Yeshua spoke not only of the bread of life that he could provide, but of the water of life to satisfy every thirst:

John 4:14 But whoever drinks the water I give him will never thirst. Indeed, the water I give him will become in him a fount of water springing up to eternal life.”

John 7:37 On the last and greatest day of the feast, Jesus stood up and called out in a loud voice, “If anyone is thirsty, let him come to Me and drink.”

God knows we have a need, and he has provided for that need. In some cases, people don’t recognize their need for this spiritual food and drink, and therefore carry on through their lives oblivious to the richness available to them. This is why it is the person of integrity who recognizes this need, and feels the hunger and the thirst for righteousness every moment of every day, and pursue those cravings by drawing near to God. Their cravings drive them to seek for the truth of God’s instruction, and God provides.

Albert Barnes’ Notes on the Bible regarding Matt. 5:6

Blessed are they which do hunger … – Hunger and thirst, here, are expressive of strong desire. Nothing would better express the strong desire which we ought to feel to obtain righteousness than hunger and thirst. No needs are so keen, none so imperiously demand supply, as these. They occur daily, and when long continued, as in case of those shipwrecked, and doomed to wander months or years over burning sands, with scarcely any drink or food, nothing is more distressing. An ardent desire for anything is often represented in the Scriptures by hunger and thirst, Psalm 42:1-2; Psalm 63:1-2. A desire for the blessings of pardon and peace; a deep sense of sin, and want, and wretchedness, is also represented by thirsting, Isaiah 55:1-2.

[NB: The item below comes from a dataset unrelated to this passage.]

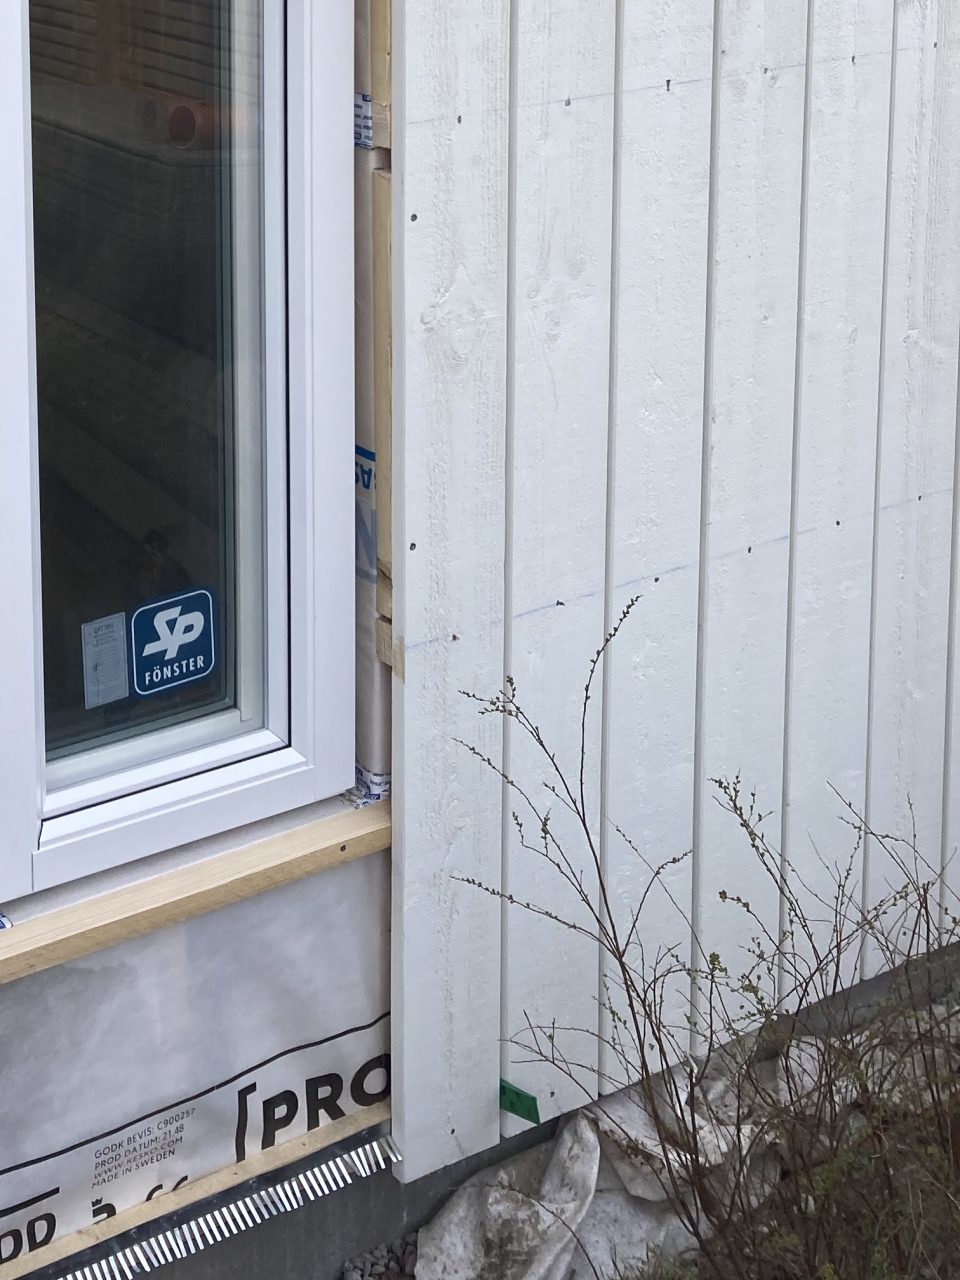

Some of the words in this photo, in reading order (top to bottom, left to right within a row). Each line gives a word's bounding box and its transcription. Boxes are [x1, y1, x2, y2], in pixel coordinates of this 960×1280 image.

They shall be filled – They shall be satisfied as a hungry man is when supplied with food, or a thirsty man when supplied with drink. Those who are perishing for want of righteousness; those who feel that they are lost sinners and strongly desire to be holy, shall be thus satisfied. Never was there a desire to be holy which God was not willing to gratify, and the gospel of Christ has made provision to satisfy all who truly desire to be holy.

Isaiah 55:1-2 1“Come, all you who are thirsty, come to the waters; and you without money, come, buy, and eat! Come, buy wine and milk without money and without cost! Why spend money on that which is not bread, and your labor on that which does not satisfy? Listen carefully to Me, and eat what is good, and your soul will delight in the richest of foods.…

Psalm 42:1-2 As the deer pants for streams of water, so my soul longs after You, O God. My soul thirsts for God, the living God.

How can you tell if you’re hungry? Well, if your hungry you’re most likely going to eat whatever small bit of food is put in front of you. But if you’re full even the most generous portion of delicious food will not seem appealing in any way.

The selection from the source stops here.